>>>>

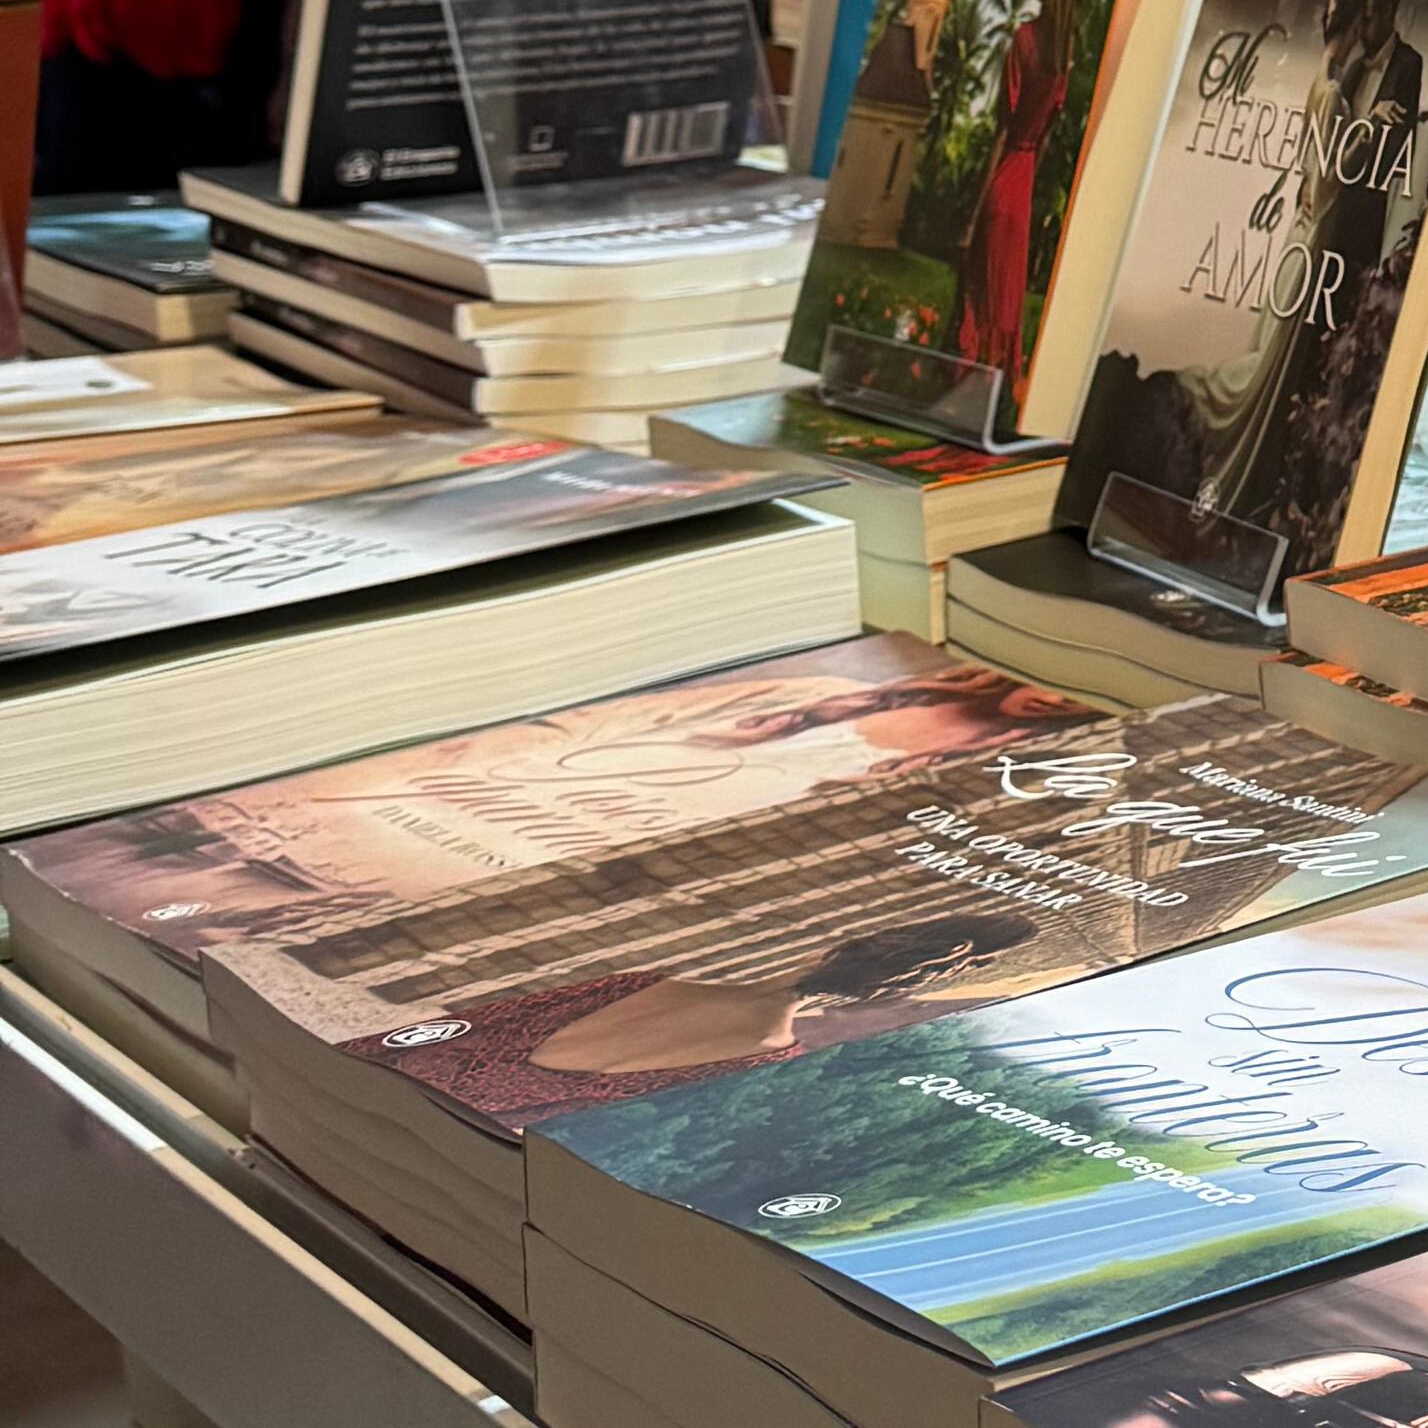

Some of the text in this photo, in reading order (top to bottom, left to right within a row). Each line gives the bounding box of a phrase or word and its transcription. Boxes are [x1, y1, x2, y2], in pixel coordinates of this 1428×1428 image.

[1184, 95, 1415, 198] HERENCIA
[1248, 171, 1287, 234] de
[1180, 221, 1346, 332] AMOR
[983, 752, 1138, 800] La
[1180, 760, 1385, 828] Mariana Santini
[906, 804, 1190, 909] UNA OPORTUNIDAD
[1061, 800, 1266, 846] que
[1179, 830, 1408, 877] fui
[896, 840, 1084, 913] PARA SANAR
[1208, 1047, 1341, 1088] sin
[898, 1072, 1257, 1208] ¿Qué camino te espera?
[963, 1028, 1427, 1193] fronteras

<<<<

### Problem to solve
Without the pictures, copy the material exactly as given.

### Solved exercise
Some of the text in this photo, in reading order (top to bottom, left to right within a row). Each line gives the bounding box of a phrase or word and its transcription. Boxes are [x1, y1, x2, y2], in pixel coordinates of this 1428×1428 image.

[1184, 95, 1415, 198] HERENCIA
[1248, 171, 1287, 234] de
[1180, 221, 1346, 332] AMOR
[983, 752, 1138, 800] La
[1180, 760, 1385, 828] Mariana Santini
[906, 804, 1190, 909] UNA OPORTUNIDAD
[1061, 800, 1266, 846] que
[1179, 830, 1408, 877] fui
[896, 840, 1084, 913] PARA SANAR
[1208, 1047, 1341, 1088] sin
[898, 1072, 1257, 1208] ¿Qué camino te espera?
[963, 1028, 1427, 1193] fronteras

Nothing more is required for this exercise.